Виталий не решался расспрашивать свою тетю Марьяшу (тоже мне, тетя — старше на пару лет) о прабабушке. Он вообще стеснялся ее, как, впрочем, и Григорий, а вот болтливый Симон может рассказать много интересного.
— А какой она была, графиня Порошина? Наверное, очень крутой? — спросил он разомлевшего Симона.
— Она была невероятной женщиной, настоящей аристократкой, таких больше нет.
— А Полина?
— А в Полину последние лет двадцать я был безумно влюблен.
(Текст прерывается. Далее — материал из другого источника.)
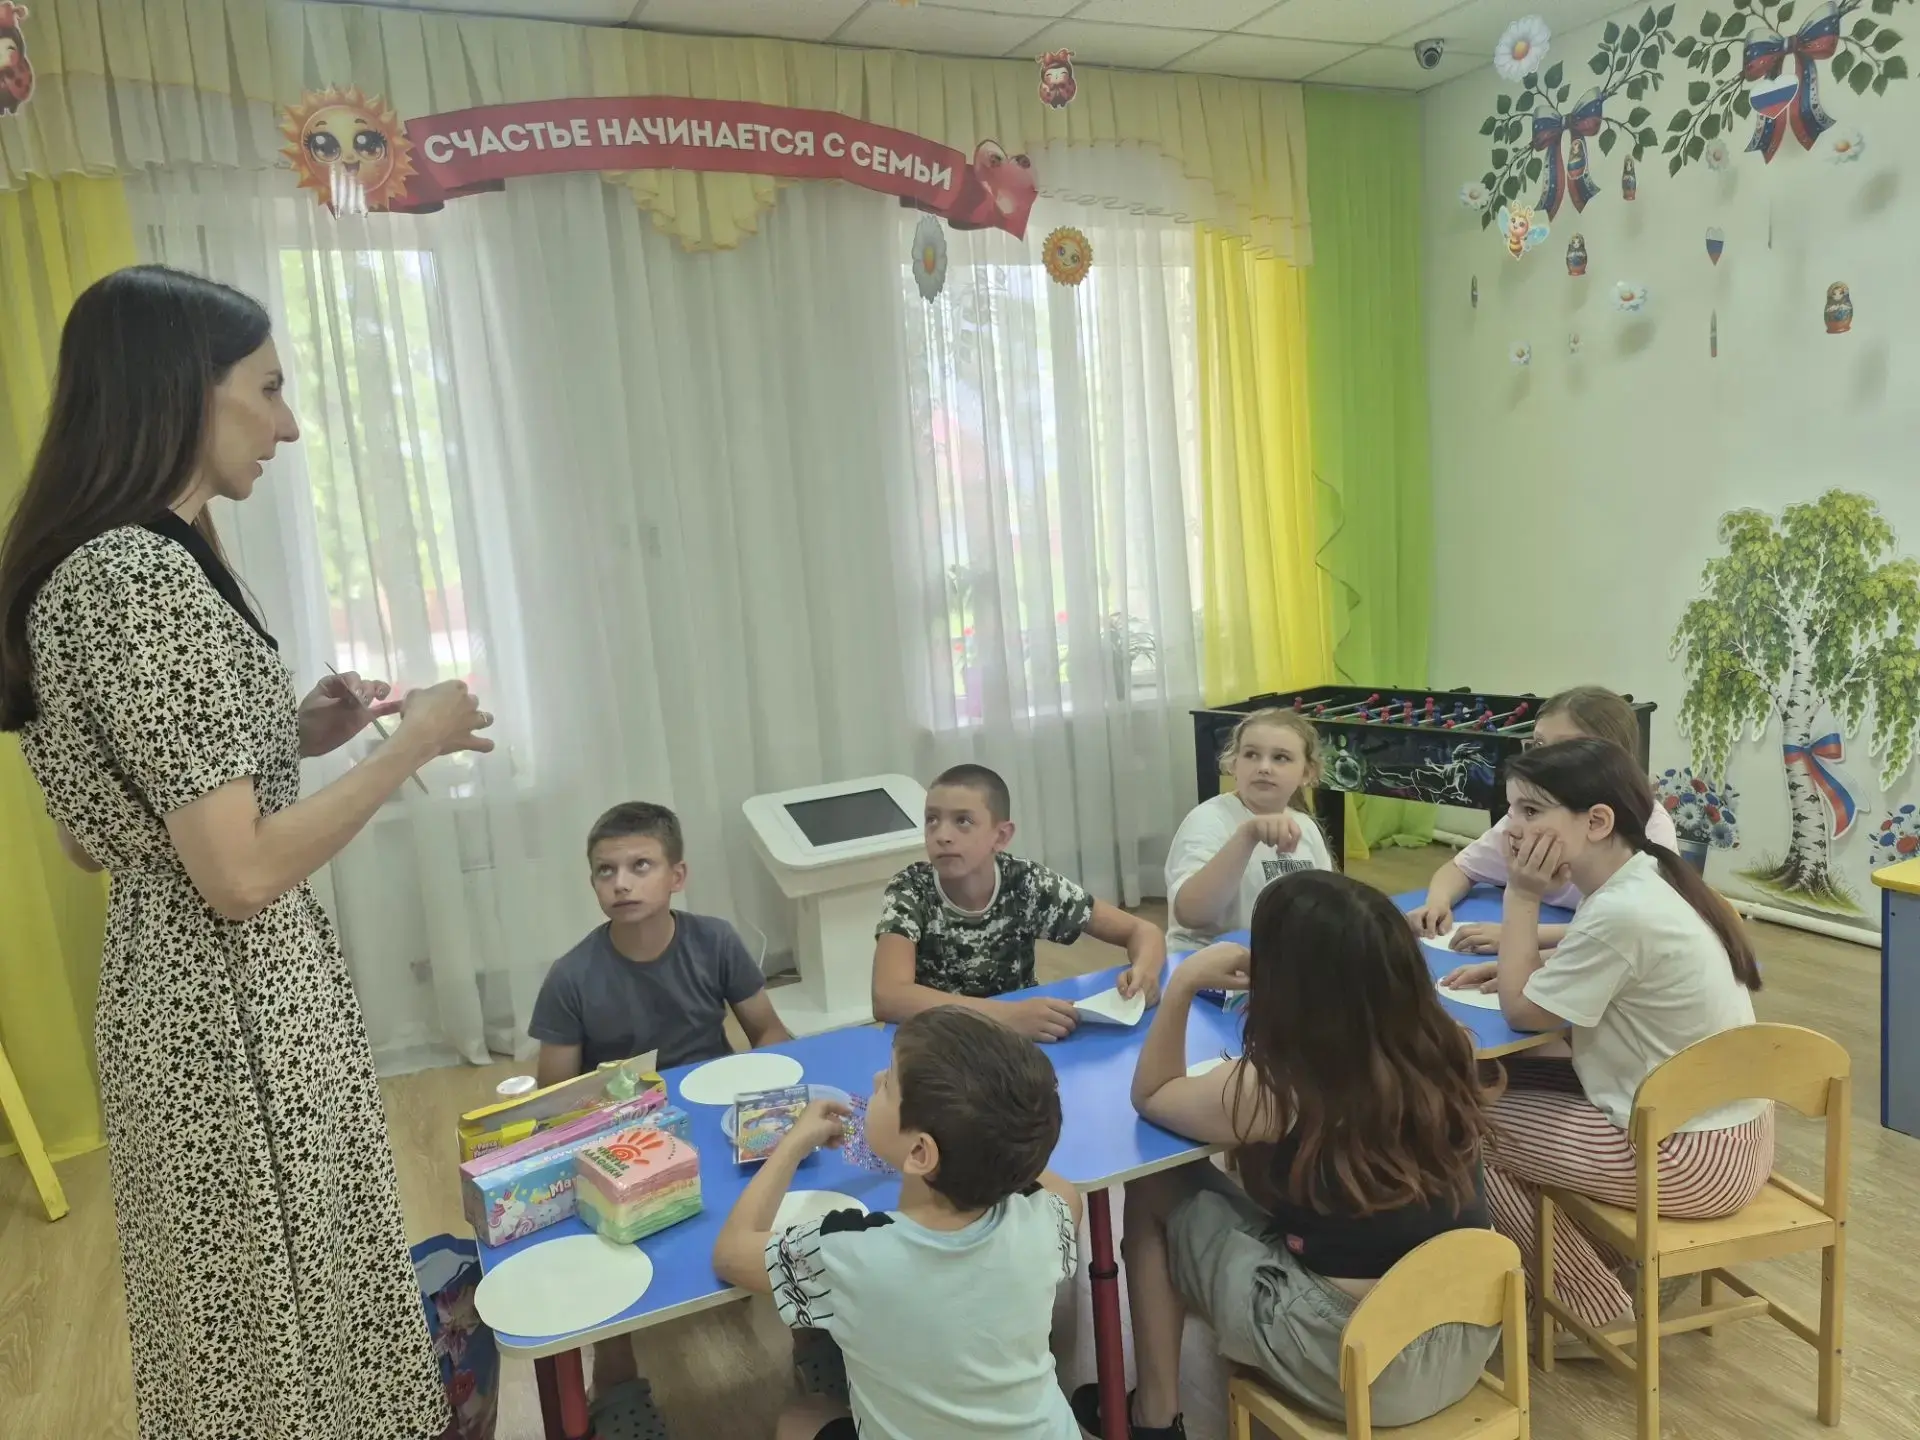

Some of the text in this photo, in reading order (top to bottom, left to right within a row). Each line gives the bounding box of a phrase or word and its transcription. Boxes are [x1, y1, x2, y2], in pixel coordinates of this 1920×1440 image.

Но чем больше делал для нее добра, тем больше был наказан. Она совсем другая, не похожа ни на мать, ни тем более на дочь. Просто клубок противоречий, а не женщина. За это, наверное, я ее и любил.
— Ты говоришь «любил», а теперь что, уже больше не любишь? Другую встретил?
— Пока еще сам не разобрался в своих чувствах, но мне здесь в России очень приглянулась одна женщина. И я даже ловлю себя на мысли о том, что совсем не вспоминаю о Полине.
Виталий немного замялся, видно было, что он хотел спросить у Симона что-то очень его интересовавшее, но не решался. Симон, приговоривший уже один стаканчик домашнего вина, был в хорошем расположении духа, тем более что парнишка ему очень нравился. Он сам пришел ему на помощь:
— Ты не комплексуй, спрашивай все, что тебе интересно. Пользуйся правом хозяина — на любой твой вопрос я, как гость, обязательно должен ответить.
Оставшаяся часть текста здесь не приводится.